To preface this post, my work focuses on digital financial services. I mention this as I’m not a doctor or scientist of any sort. I can’t cure COVID-19 (unless whiskey and wine are the cure). I’m immensely grateful for the scientists who have developed a vaccine and the healthcare professionals that are currently administering it. I’m optimistic that 2021 will go significantly better for all of us than 2020 did.
That said, I do think it’s worth looking back on 2020 and identifying some important trends in financial services and thinking through how we might address them differently if we had a do-over. After all, hindsight is 2020.
1. Get the payment deferral reasons.
Most institutions across the globe very quickly responded with programs to defer payments, either on their own or with regulatory directions. What most didn’t do was get the various reasons for that deferral such as total job loss, bankrupt business, reduction of pay, or temporary layoff. These are important as the approach to handling the medium and long-term implications are different. GET THE DATA!
2. Build New to Bank Digital onboarding for new accounts or credit.
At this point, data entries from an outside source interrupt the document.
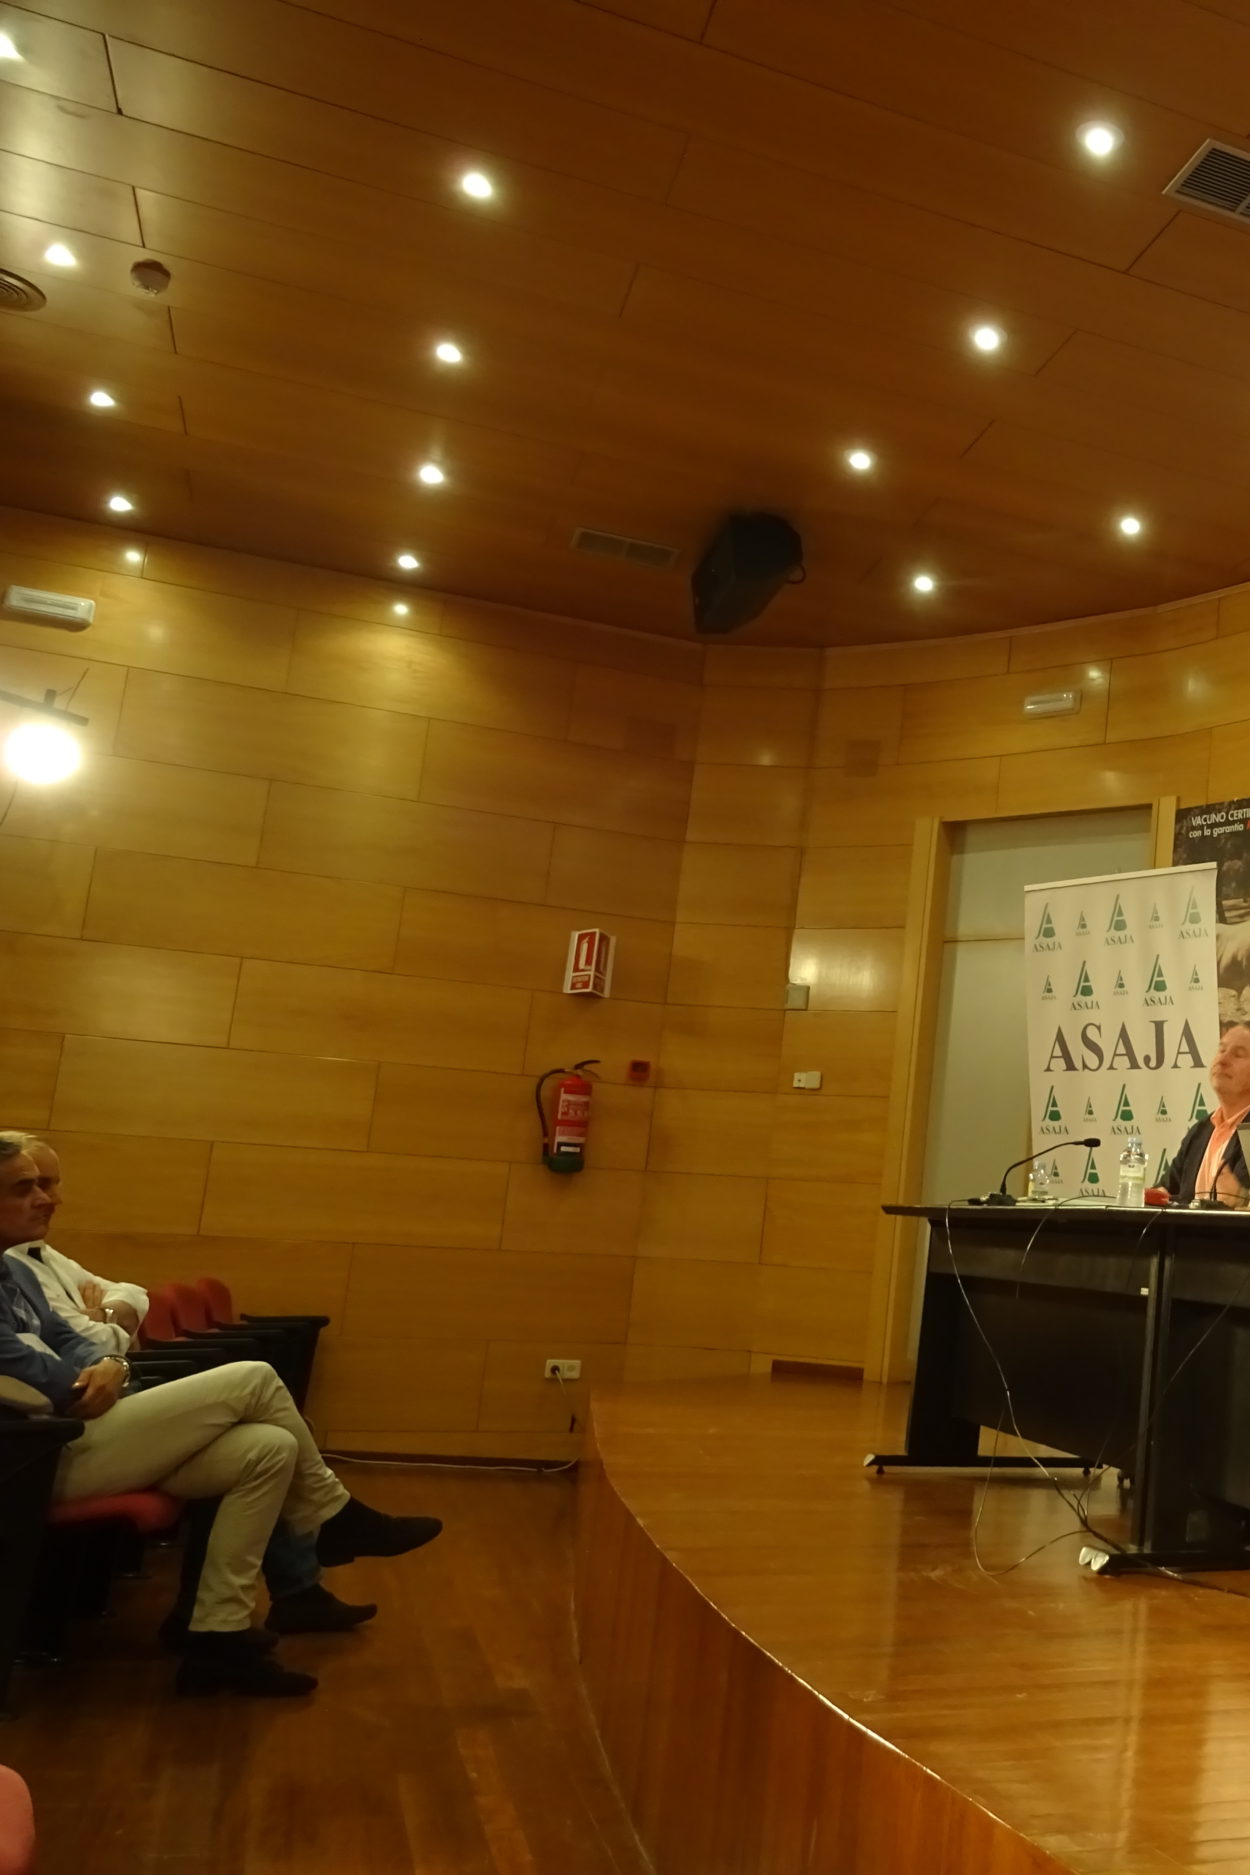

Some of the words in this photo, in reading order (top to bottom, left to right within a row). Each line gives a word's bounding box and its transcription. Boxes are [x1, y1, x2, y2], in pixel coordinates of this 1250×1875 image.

[1191, 812, 1226, 826] VACUNO
[1189, 830, 1202, 838] con
[1203, 826, 1211, 836] la
[1213, 822, 1244, 837] garantía
[1104, 934, 1135, 946] ASAJA
[1177, 928, 1208, 940] ASAJA
[1033, 941, 1062, 953] ASAJA
[1070, 1000, 1101, 1011] ASAJA
[1142, 995, 1175, 1007] ASAJA
[1043, 1018, 1207, 1073] ASAJA
[1039, 1125, 1069, 1136] ASAJA
[1110, 1125, 1141, 1136] ASAJA
For the last four years, the number one priority for banks was building an outstanding digital account opening process. Organic growth was difficult last year when visiting a branch was required; branches either had reduce hours or were closed outright and digitally savvy customers weren’t going into the branch anyway. Forward-looking banks spent 2020 building dynamic processes for identity authentication in the digital account opening process that include physical ID verification, alternative data sources, and (in some jurisdictions) even live video.
3. Ensure the strong use of digital communications in all customer communication.
Many FIs use SMS or texts somewhere in the customer lifecycle (credit card authorizations, for example), but fail to use it across all customer communications. This was a problem when most institutions worldwide found themselves without collections and customer service channels once work from home was ordered. The best in class in the days preceding lockdown modified their mix of SMS versus phone and utilized their business continuity plans to enable collectors, fraud staff, underwriters, and customer service to work at home.
4. Ensure that there’s a true customer level view and act on that information.
Many FIs have multiple products with a customer, but do not take full advantage of the story that the data tells. Let me illustrate through an example – if a customer is on deferral program and you don’t know the reason and they have a credit card and checking account, you can look to the checking account to see if payroll is coming into it. Has it changed? Look at the types of transactions in the credit card. Look at the utilization. Look at velocity of spend. The data you need to make a better decision for your organization and your customer may already be inside your walls.
5. Think before you act and anticipate customer needs.
Get back to basics in analytics. Well-built credit scores will continue to risk rank but may lose some predicative power and some risk ranking ability (shift downward and flatten). We’ve observed this in the past with economic events. As mentioned in #4, a customer-level view is needed. With this data, you can be in front of challenges – reach out to customers before payment challenges occur. We often refer to this as pre-delinquency intervention. If you see deposits into accounts that are smaller or have stopped – reach out to the customer to discuss. This can be done digitally, virtually (where customer wants), through the call center, or even using branch staff who are underutilized. Often in collections, it’s the first groups that contact that have better results – why not contact before?
6. Review all digital experiences and ensure they delight customers.
This is a bold ask, but many institutions have been in catch up mode and have cobbled together process that resemble the digital version of form filling. These processes are ripe for change – your conversion rates are suffering, and you may inadvertently cause adverse selection – good customers won’t go through bad process (but bad ones will).
7. Ensure you’ve got a learning environment (and I don’t just mean systems).
I’ll steal the Google mantra here – if you’re going to fail, fail fast (and cheaply). If you’re not testing all the time you’re not learning. You need infrastructure and culture together to be in constant learning mode. Does my platform allow A/B testing during acquisition, during collections, during marketing? Customers’ wants and needs are constantly changing (particularly in a turbulent year like we just had) and so you should relentlessly be figuring out what they are and never resting on old assumptions.